By David Sole
Ukraine grabbed headlines recently as this proxy for the United States and NATO carried out dramatic military actions in the war with the Russian Federation.
On December 17 Russian Lt. General Igor Kirillov and his assistant were killed when a bomb hidden in a motor scooter exploded in a residential neighborhood in Moscow. Gen. Kirillov headed the Radiation, Biological and Chemical Defense Forces of the Russian Federation. Responsibility for the assassination was taken by the SBU – Ukraine’s Security Service claiming the general “a legitimate target.” Only a day later Russia announced it had arrested a 29-year-old Uzbek man who reportedly admitted planting the bomb on orders of Ukrainian agents.
The very next day Ukraine launched a massive long-range missile attack on the giant Kamensky Combine in Rostov province in southern Russia. Six U.S. supplied and operated ATACMS and four British/French Storm Shadow long-range missiles were directed at the chemical complex. The Russian Ministry of Defense reported that its air defense forces shot down all ten of the incoming missiles while debris from one damaged an auxiliary building near the plant.
The Russians were quick to respond. The pro-Ukrainian Kyiv Independent reported that Russian missiles hit Kiev, the nation’s capital city, targeting the “SBU command center and a missile manufacturing plant.”
Occasional missile attacks and assassinations, however, cannot win a war. Ukraine’s situation on the ground is getting more and more desperate. The Guardian is only the latest of Western media sources to raise the alarm about Ukraine’s deteriorating military. On December 21 that pro-Ukrainian news source admitted that Ukraine’s “Depleted army is increasingly made up of older men” and “faces difficult decisions over acute shortage of frontline troops.”
The Guardian reporter interviewed Ukrainian officers who said “The people we get now are not like the people who were there in the beginning of the war … Recently we received 90 people, but only 24 of them were ready to move to [frontline] positions. The rest were old, sick or alcoholics….and can barely hold a weapon. Poorly trained and poorly equipped.”
Ukrainian air defense units have had to send trained specialists to fill infantry shortages. One officer reported that “I’m left with those aged 50-plus and injured people. It’s impossible to run things like this.” A recent public opinion poll “found that 46% of respondents agreed that there was ‘no shame in evading military service.’” Only 29% thought evading was shameful.
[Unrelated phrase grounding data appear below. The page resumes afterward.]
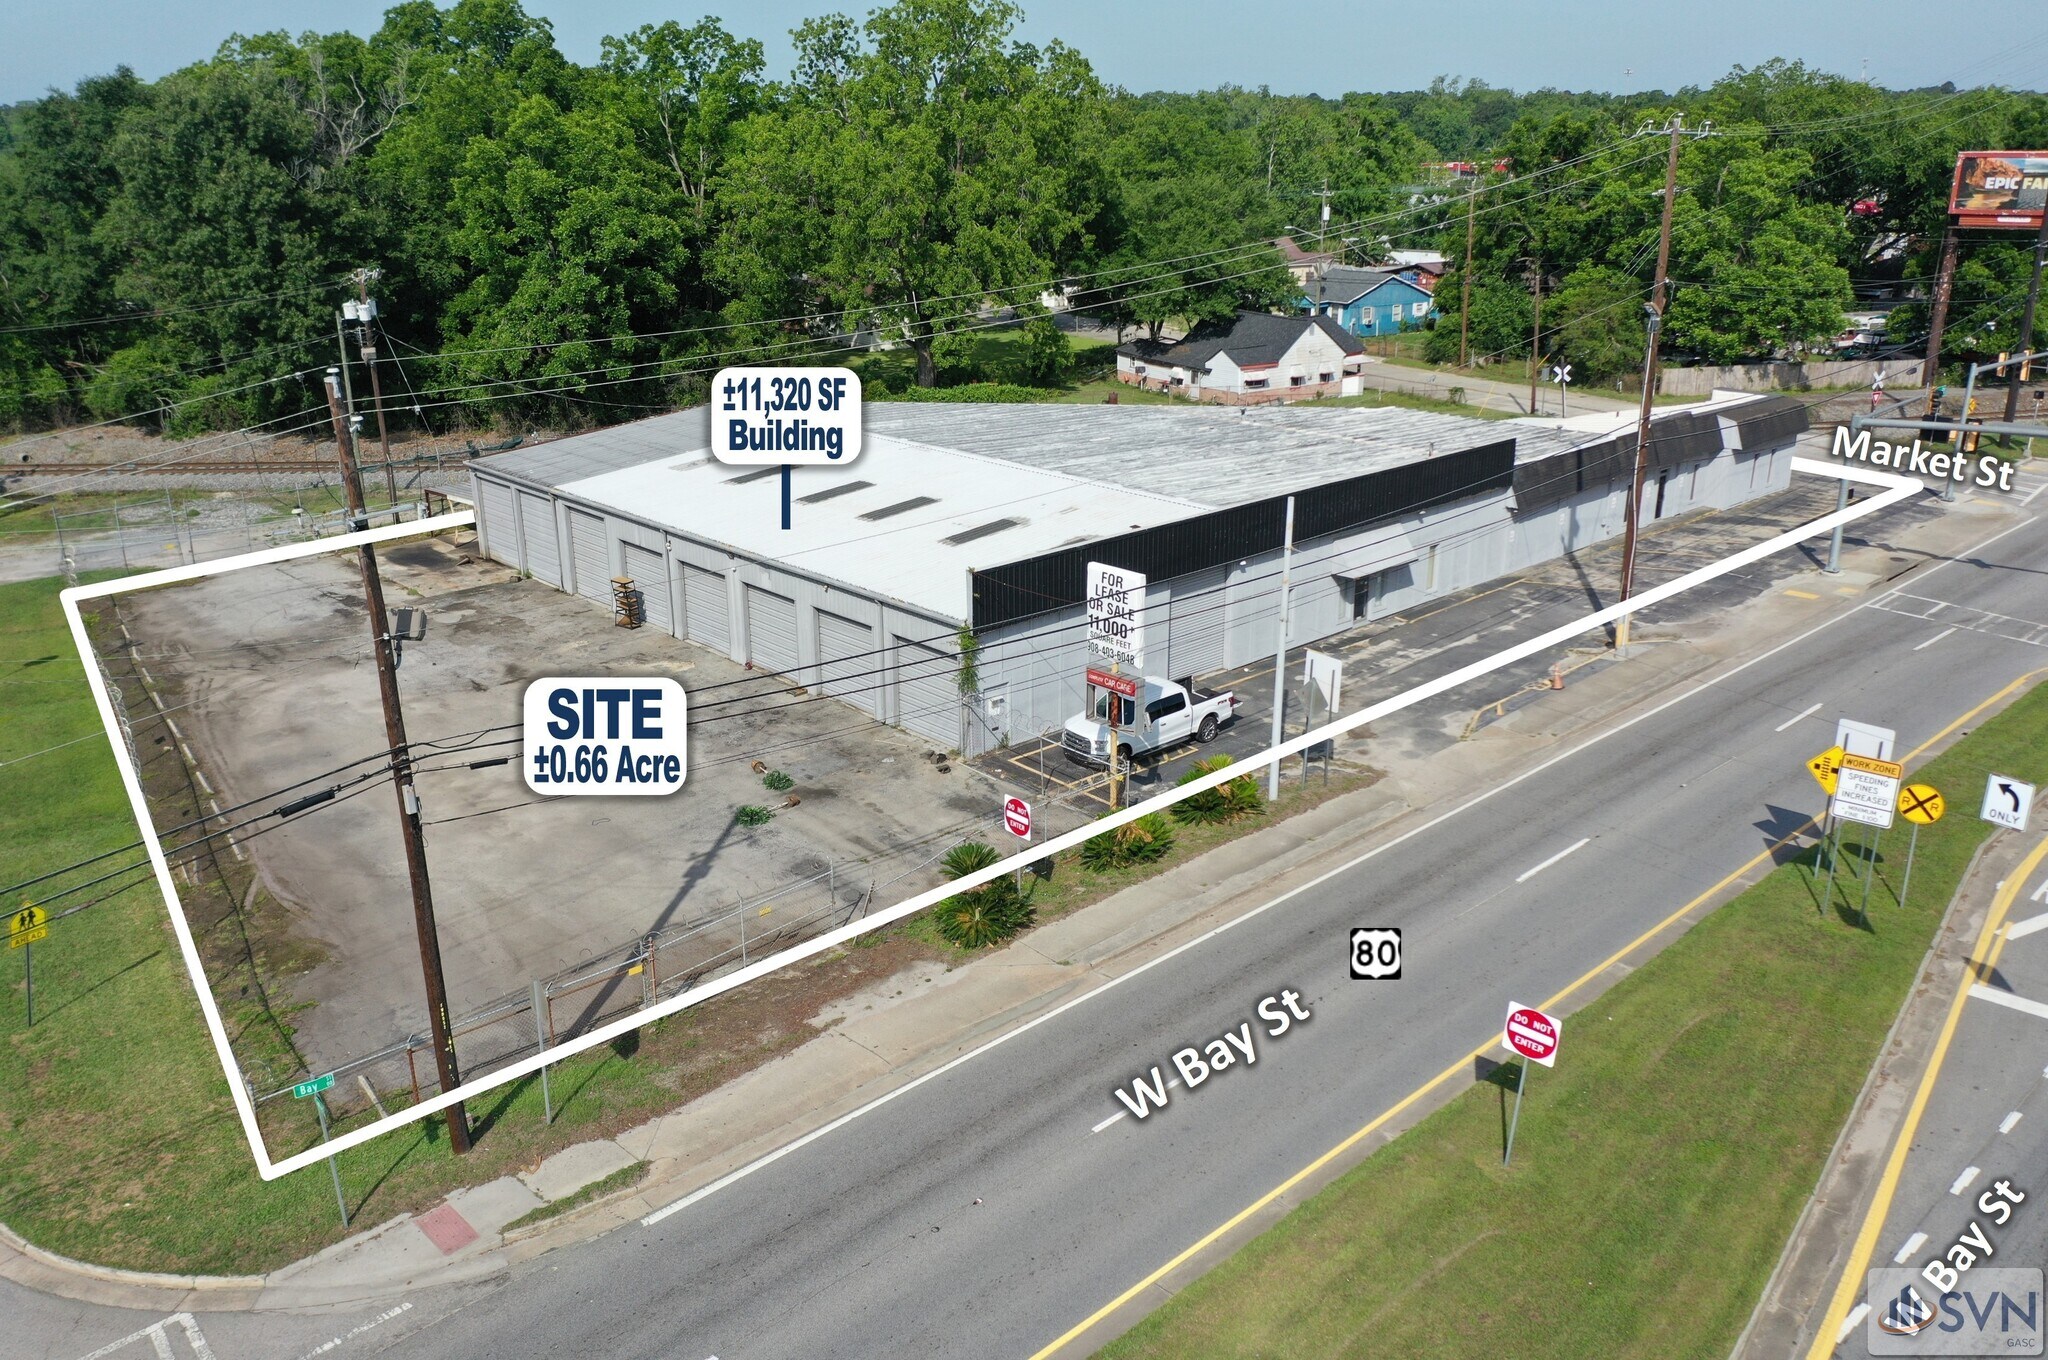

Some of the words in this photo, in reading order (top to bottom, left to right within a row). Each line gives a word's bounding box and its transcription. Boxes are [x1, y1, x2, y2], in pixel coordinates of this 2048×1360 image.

[1985, 177, 2020, 189] EPIC
[1101, 571, 1123, 589] FOR
[1095, 584, 1128, 605] LEASE
[1089, 597, 1103, 612] OR
[1107, 602, 1134, 622] SALE
[1090, 630, 1114, 645] SQUARE
[1116, 638, 1131, 650] FEET
[1104, 677, 1116, 687] CAR
[1116, 681, 1131, 692] CARE
[1846, 758, 1871, 768] WORK
[1873, 763, 1897, 775] ZONE
[1848, 772, 1889, 788] SPEEDING
[1854, 783, 1878, 794] FINES
[1842, 790, 1888, 806] INCREASED
[1902, 796, 1911, 806] R
[1007, 802, 1015, 811] DO
[1017, 806, 1027, 816] NOT
[1848, 805, 1877, 815] MINIMUM
[1930, 802, 1939, 812] R
[1989, 808, 2020, 824] ONLY
[1010, 820, 1025, 832] ENTER
[15, 931, 43, 946] AHEAD
[1514, 1012, 1528, 1025] DO
[1532, 1020, 1553, 1034] NOT
[1514, 1034, 1545, 1054] ENTER
[300, 1084, 318, 1095] Bay
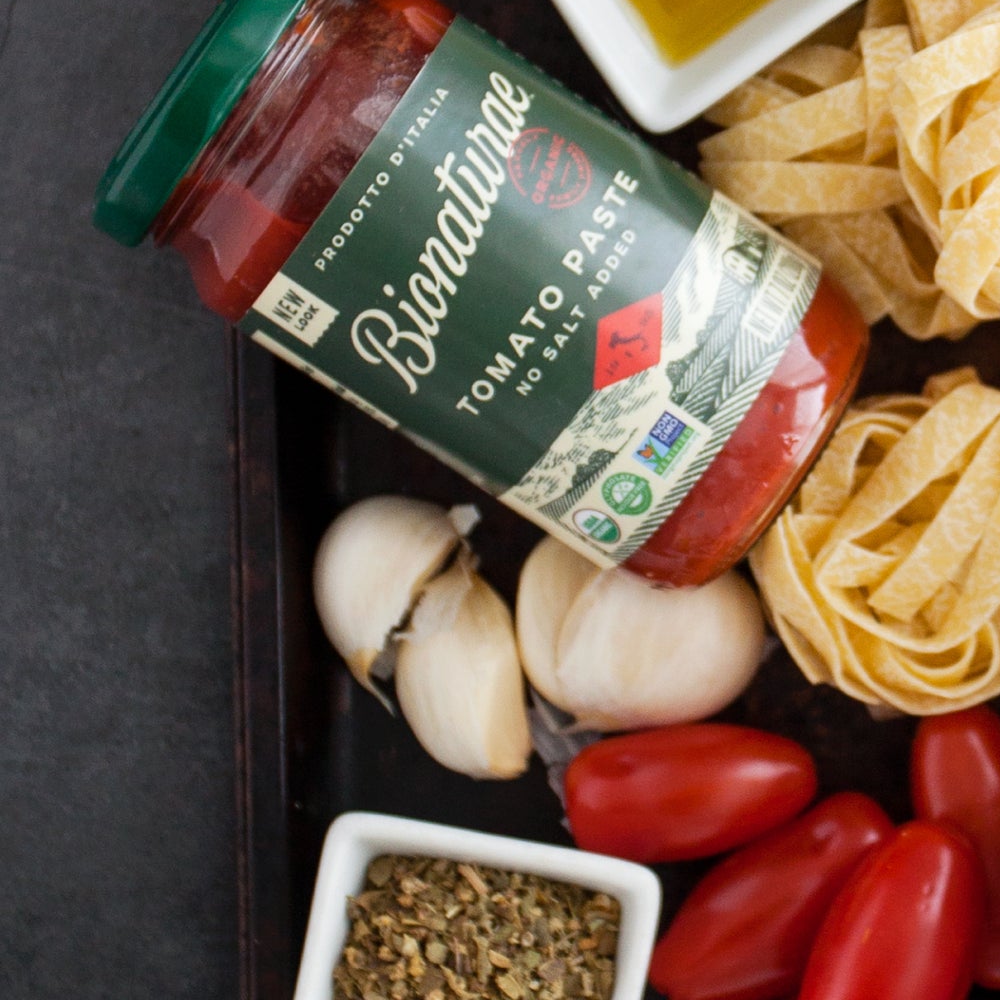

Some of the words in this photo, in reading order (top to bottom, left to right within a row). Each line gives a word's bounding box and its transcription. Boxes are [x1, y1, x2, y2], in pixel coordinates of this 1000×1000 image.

A look at the long line of contact shows Russian forces advancing on all fronts. The battle for the critical military hub city of Pokrovsk now has Russian units at the very edge of the city while other Russian units are closing in from around the south, east and north in intense fighting.
In the Kursk province, Russian forces have been constantly pressing in on the Ukrainian units that originally seized a sizable area in their surprise August incursion. But they have stalled and are suffering major losses of troops and heavy weaponry daily. Some reports estimate that Ukraine holds only about 30% of the original territory it seized. That remaining area is sparsely populated and of no military value. Ukraine’s stubborn efforts to hold that territory only adds to its critical shortage of troops and equipment in the main areas of combat further south.
While fighting continues, both sides, no doubt, are also waiting to see what Donald Trump will do following his January 20 inauguration to the US Presidency. It isn’t clear, however, that Trump can or will make any real changes to the military situation, despite campaign promises to do so. Russia’s successes on the battlefield will strengthen its original demands of its Special Military Operation to demilitarize Ukraine, denazify Ukraine’s military and win concrete guarantees that Ukraine will not be permitted to join the anti-Russian NATO Alliance.